- _TASK REQUIREMENTS_
Because only the text is wanted, repeat the records below exactly and omit the pictures.

Saved data entries:
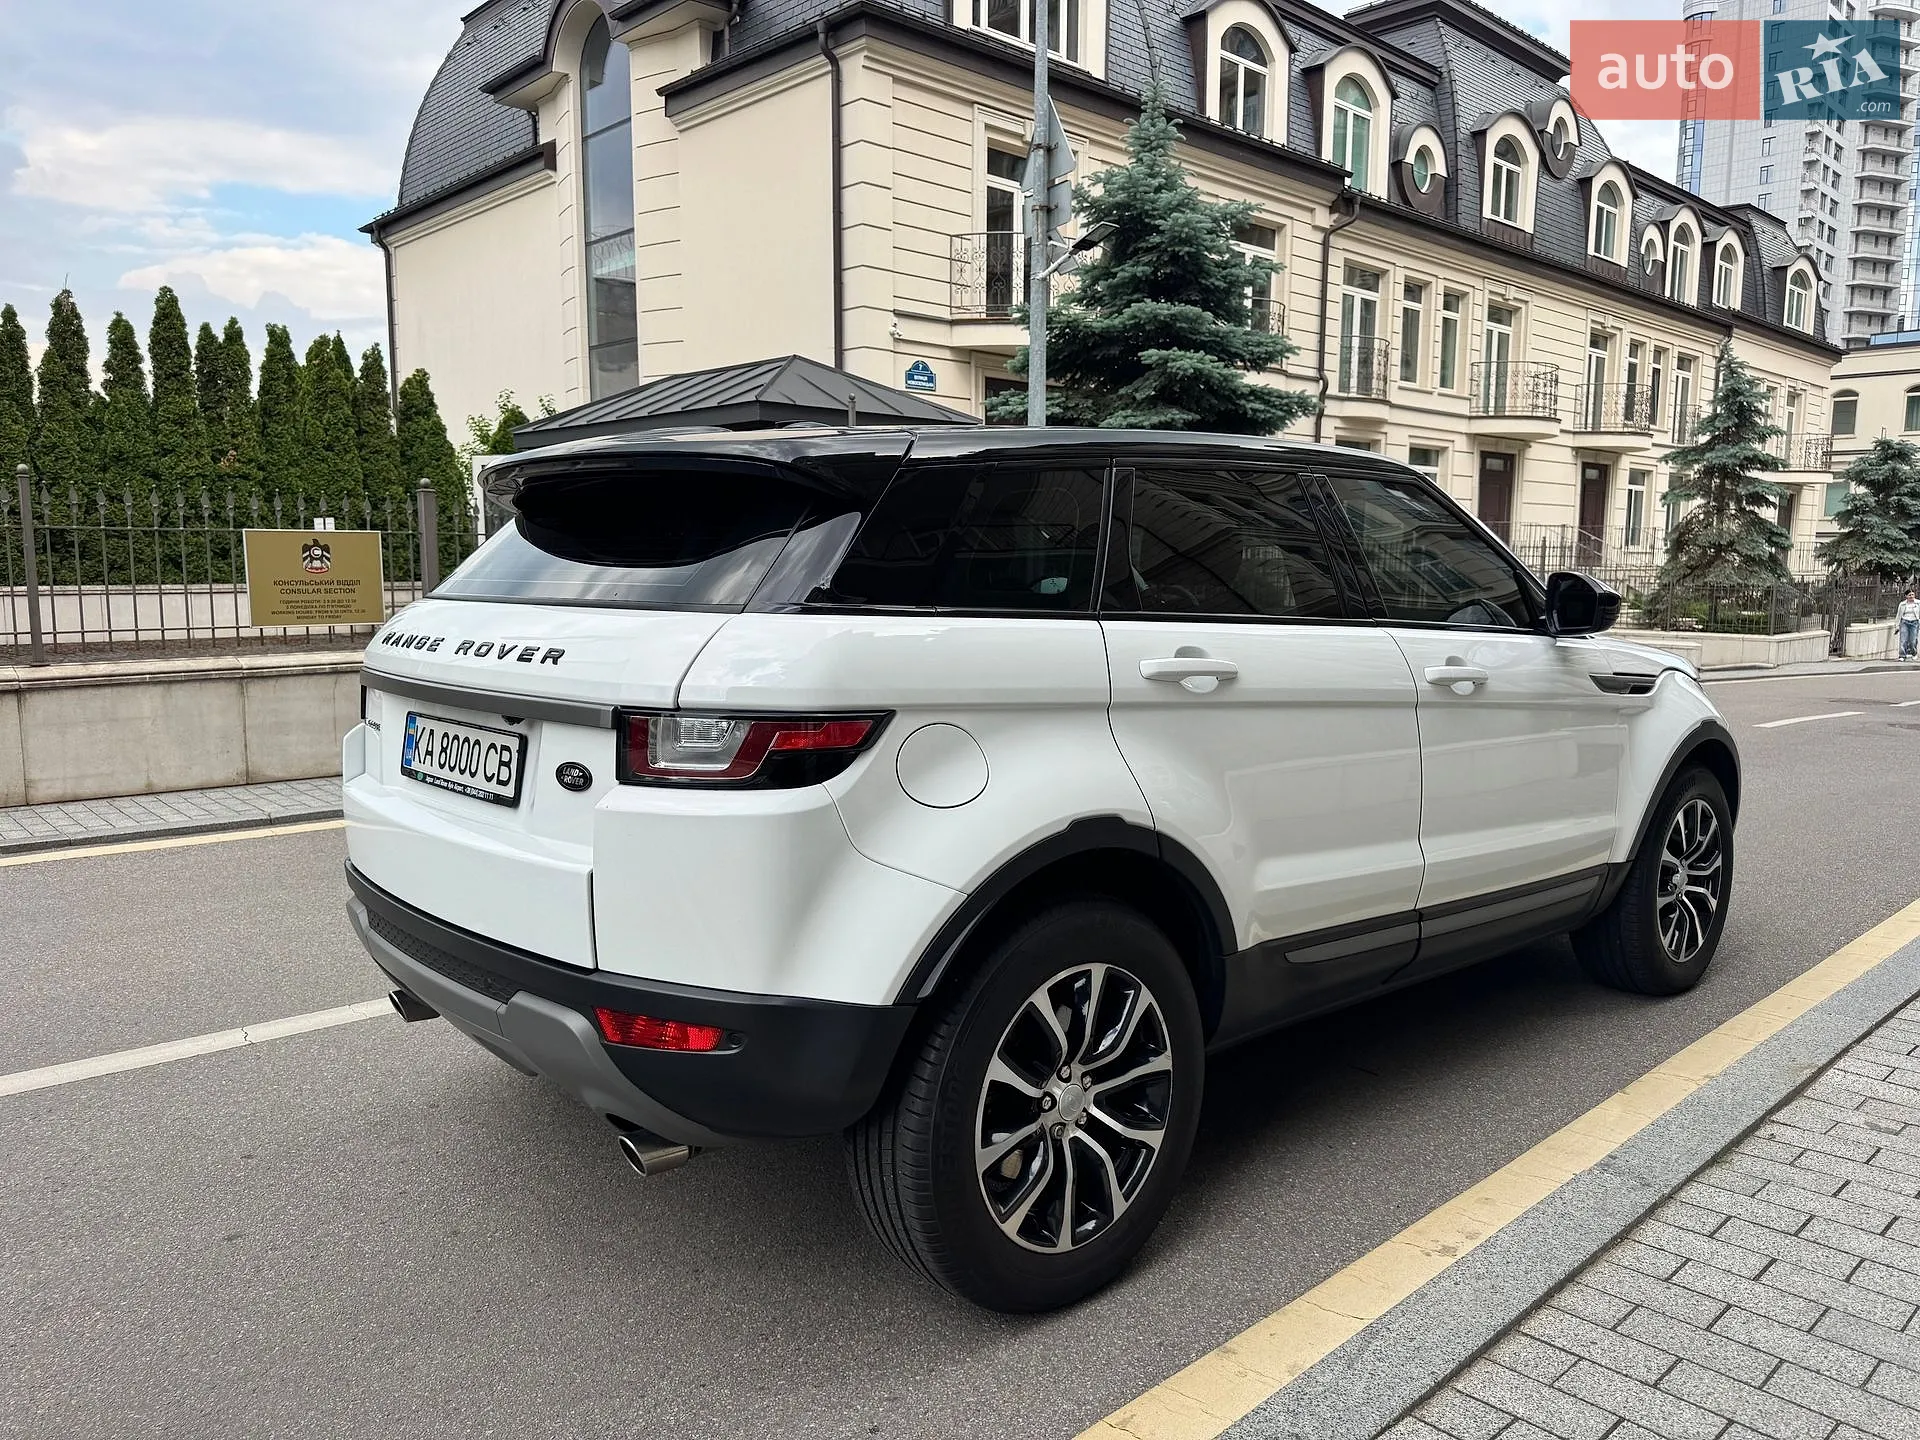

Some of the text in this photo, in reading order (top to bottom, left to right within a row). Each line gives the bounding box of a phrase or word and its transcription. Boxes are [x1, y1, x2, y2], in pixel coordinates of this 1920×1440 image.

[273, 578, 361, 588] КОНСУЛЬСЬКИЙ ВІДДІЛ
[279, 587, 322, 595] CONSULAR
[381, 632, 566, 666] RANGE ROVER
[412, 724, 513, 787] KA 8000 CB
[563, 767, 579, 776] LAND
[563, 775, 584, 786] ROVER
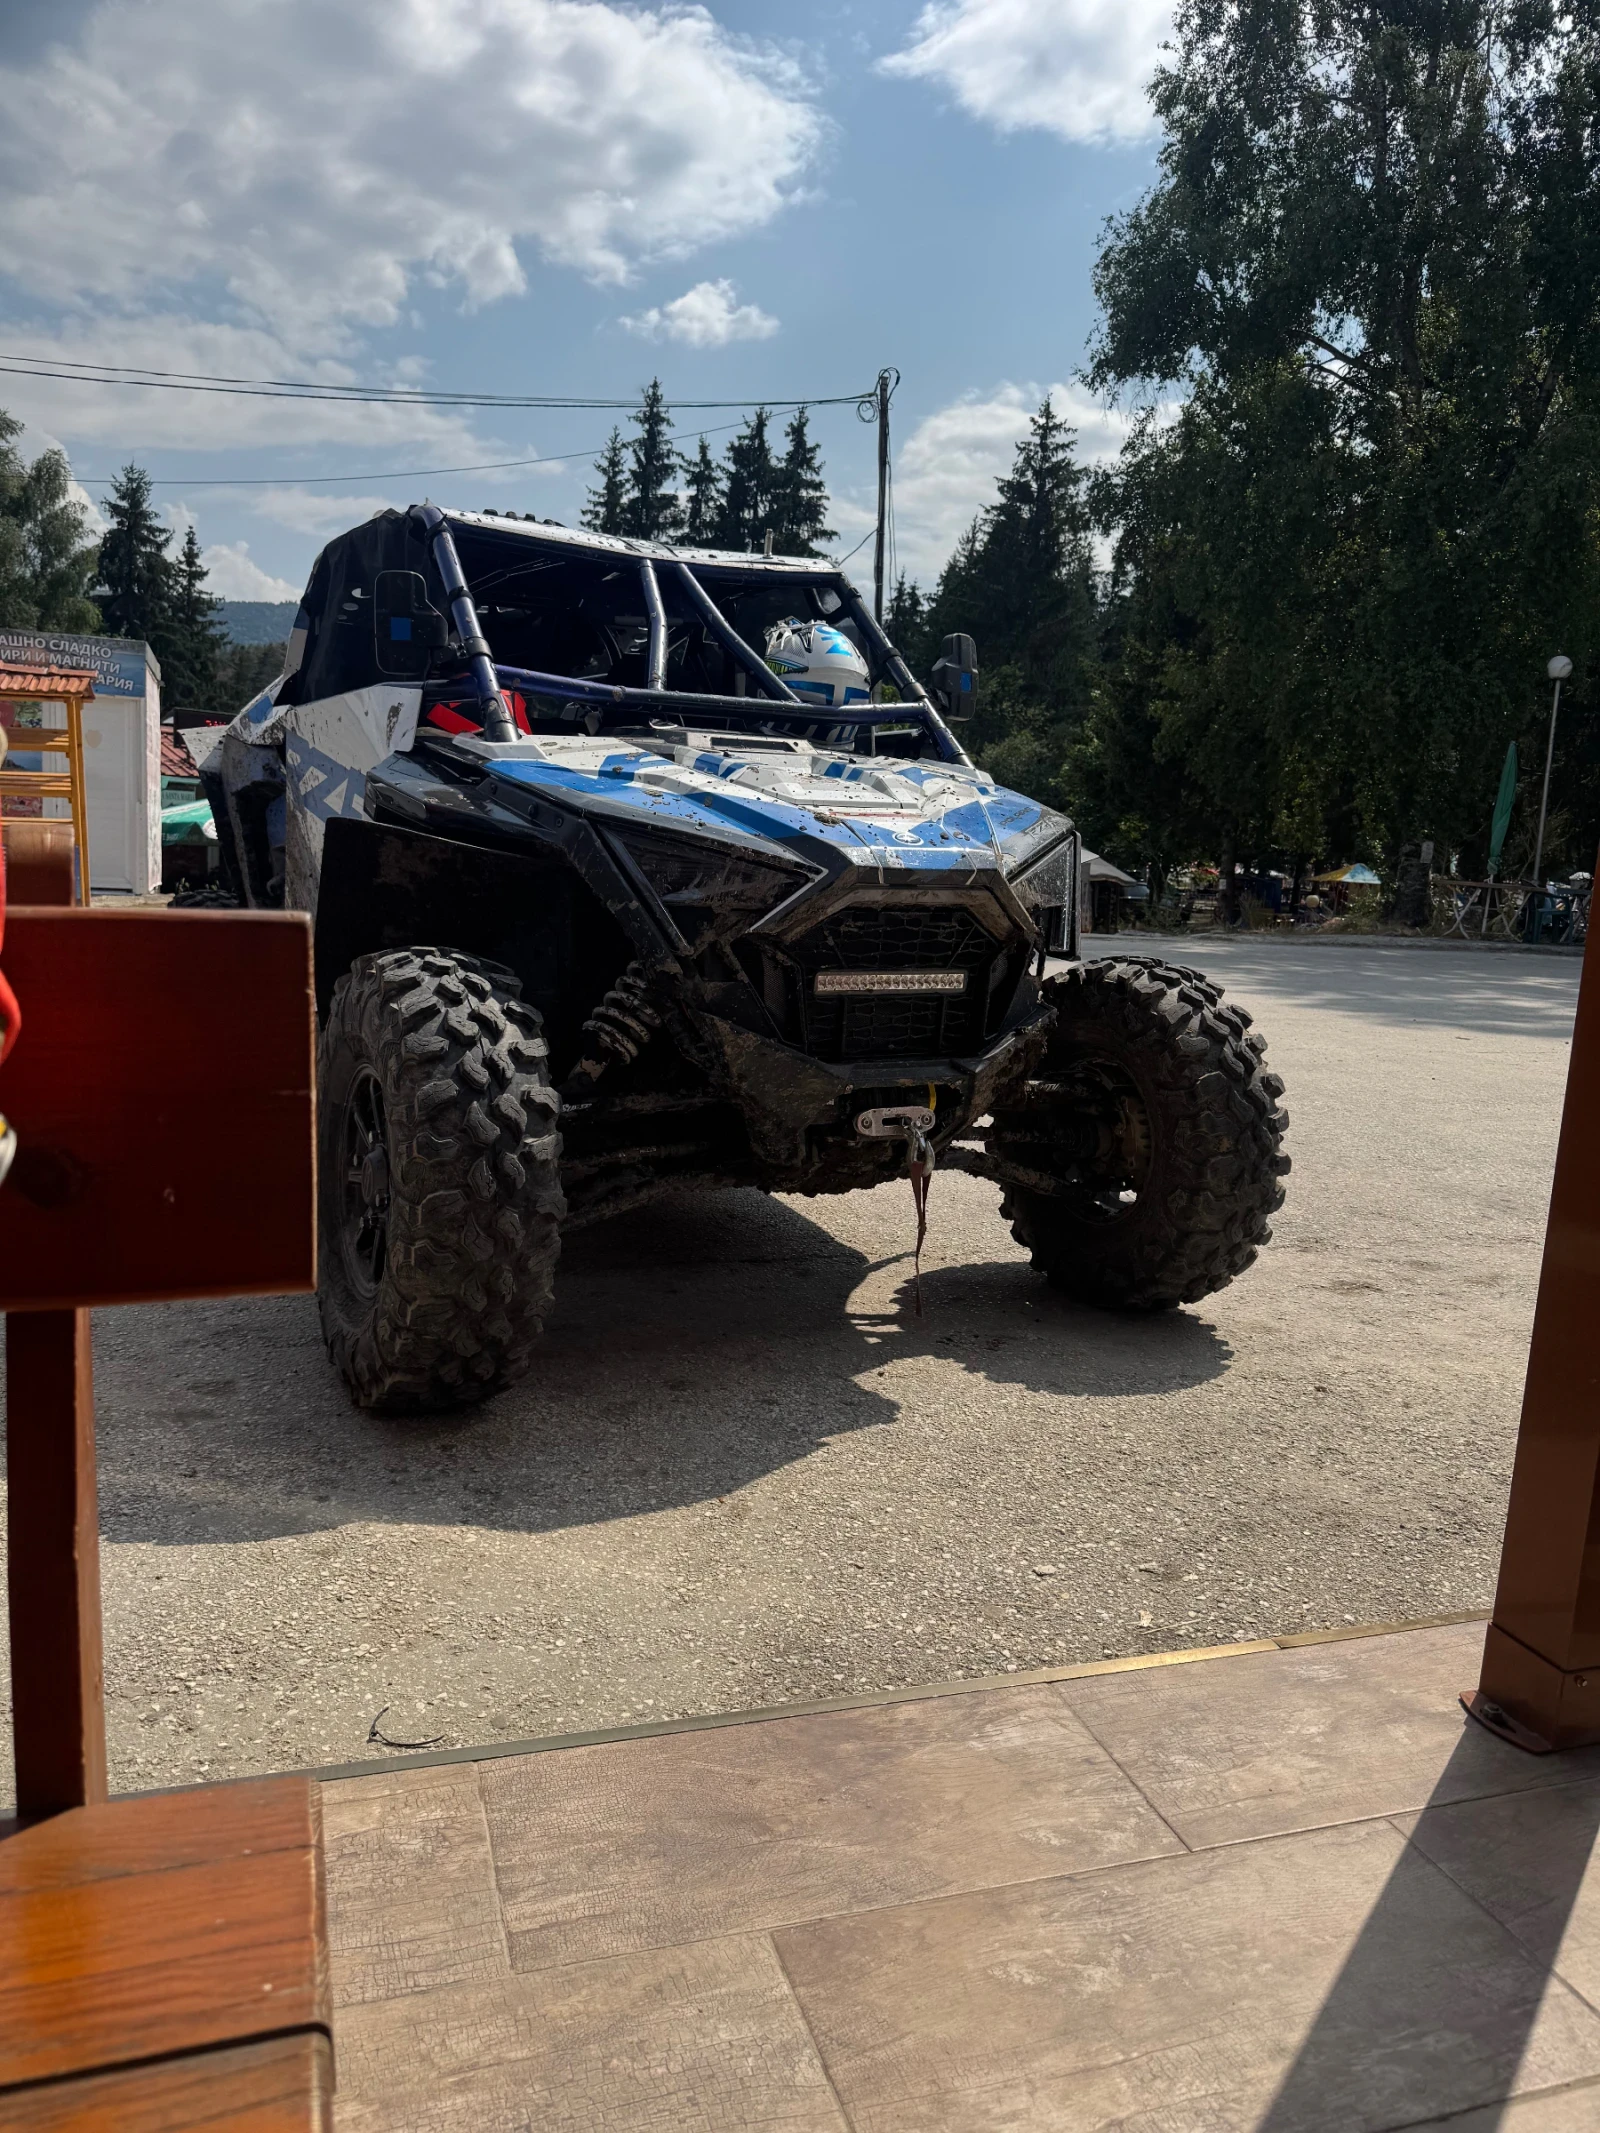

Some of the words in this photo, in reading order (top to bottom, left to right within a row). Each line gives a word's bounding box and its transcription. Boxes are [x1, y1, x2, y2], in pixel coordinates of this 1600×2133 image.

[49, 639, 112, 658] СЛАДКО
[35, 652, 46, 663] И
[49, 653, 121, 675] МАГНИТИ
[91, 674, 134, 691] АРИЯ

- _SOLUTION TO THIS TASK_
Some of the text in this photo, in reading order (top to bottom, left to right within a row). Each line gives the bounding box of a phrase or word and its transcription. Boxes are [x1, y1, x2, y2], in pixel coordinates of this 1920×1440 image.

[273, 578, 361, 588] КОНСУЛЬСЬКИЙ ВІДДІЛ
[279, 587, 322, 595] CONSULAR
[381, 632, 566, 666] RANGE ROVER
[412, 724, 513, 787] KA 8000 CB
[563, 767, 579, 776] LAND
[563, 775, 584, 786] ROVER

Some of the words in this photo, in reading order (top to bottom, left to right within a row). Each line gives a word's bounding box and its transcription. Boxes are [x1, y1, x2, y2], in pixel coordinates of this 1600×2133 image.

[49, 639, 112, 658] СЛАДКО
[35, 652, 46, 663] И
[49, 653, 121, 675] МАГНИТИ
[91, 674, 134, 691] АРИЯ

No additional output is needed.